Ein Großraumbüro bietet viele Vorteile

Die Vorteile eines Großraumbüros liegen klar auf der Hand: Die räumliche Nähe ermöglicht eine optimale Vernetzung untereinander, Gruppenarbeiten, Abstimmungsprozesse und die allgemeine Kommunikation zwischen den Mitarbeitern lassen sich auf diese Weise deutlich verbessern. Während die einzelnen Arbeitsplätze sich in der Regel am Rand des Büros befinden, bietet das Zentrum des Raumes Platz für Besprechungs- und Konferenzräume oder Archive. Auch eine Kaffeecke, in der sich die Mitarbeiter in der Frühstücks- oder Mittagspause zusammenfinden können, lässt sich in der Mitte des Raumes einrichten. Ein Großraumbüro vereint also Möglichkeiten zur Einzel- und Gruppenarbeit und kann auf diese Weise dazu beitragen, die Produktivität und Leistungsfähigkeit jedes Einzelnen zu steigern.

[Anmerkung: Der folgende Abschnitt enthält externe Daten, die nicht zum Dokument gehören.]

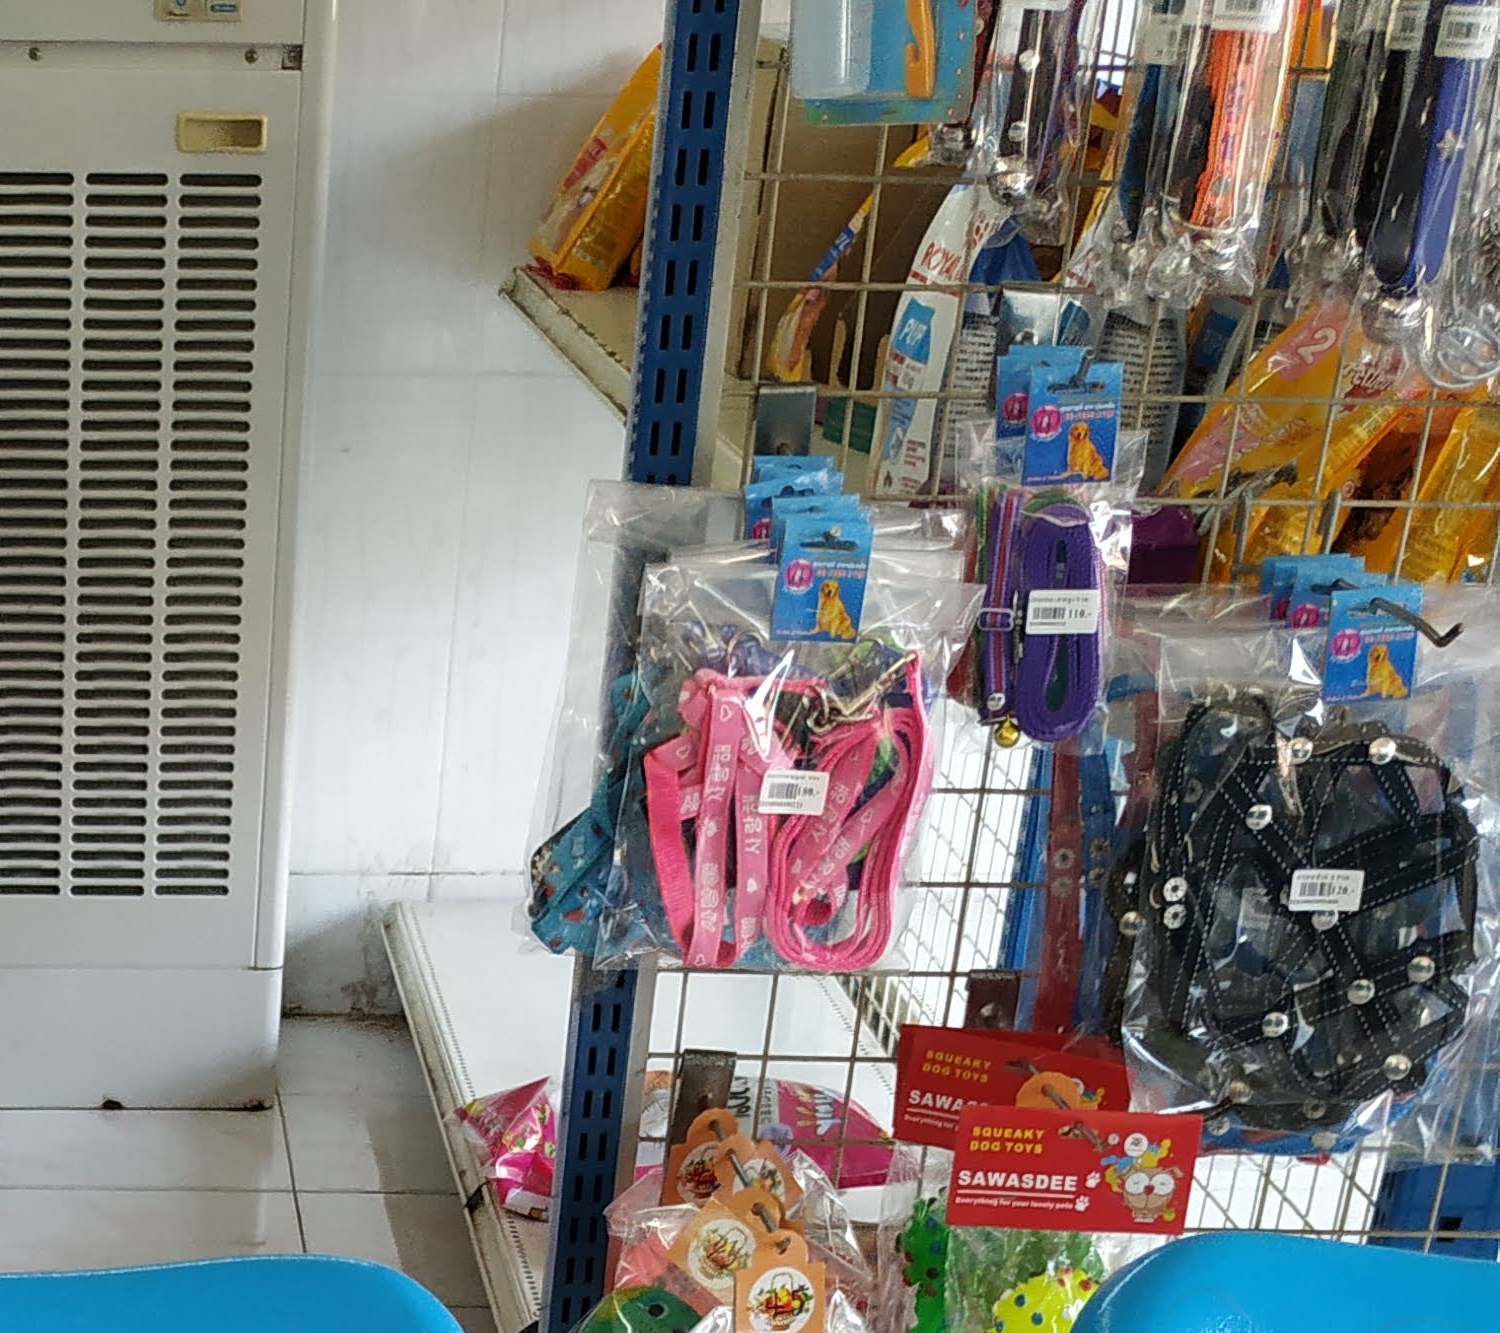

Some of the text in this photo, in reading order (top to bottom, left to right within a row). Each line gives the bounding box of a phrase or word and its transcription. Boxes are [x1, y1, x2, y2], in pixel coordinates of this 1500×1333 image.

[1297, 326, 1337, 364] 2
[926, 1050, 991, 1070] SQUEAKY
[922, 1063, 988, 1083] DOG TOYS
[972, 1126, 1045, 1140] SQUEAKY
[969, 1140, 1043, 1155] DOG TOYS
[957, 1170, 1078, 1192] SAWASDEE
[955, 1195, 998, 1207] Everything
[999, 1198, 1011, 1206] for

Trotzdem sind Großraumbüros nicht bei allen Arbeitnehmern beliebt

Trotz dieser Vorteile sind Großraumbüros jedoch bei deutschen Arbeitnehmern nur mäßig beliebt: Viele von ihnen bemängeln beispielsweise die eingeschränkte Privatsphäre, denn obwohl die einzelnen Arbeitsplätze durch Raumteiler voneinander getrennt sind, fühlen sich viele Mitarbeiter beobachtet und überwacht. Auch der Lärm, der durch ständiges Reden oder Telefonieren entsteht und sich nicht vermeiden lässt, wird von zahlreichen Arbeitnehmern beanstandet. Er behindert die Konzentration auf die eigene Arbeit und fördert ständiges Abgelenkt sein.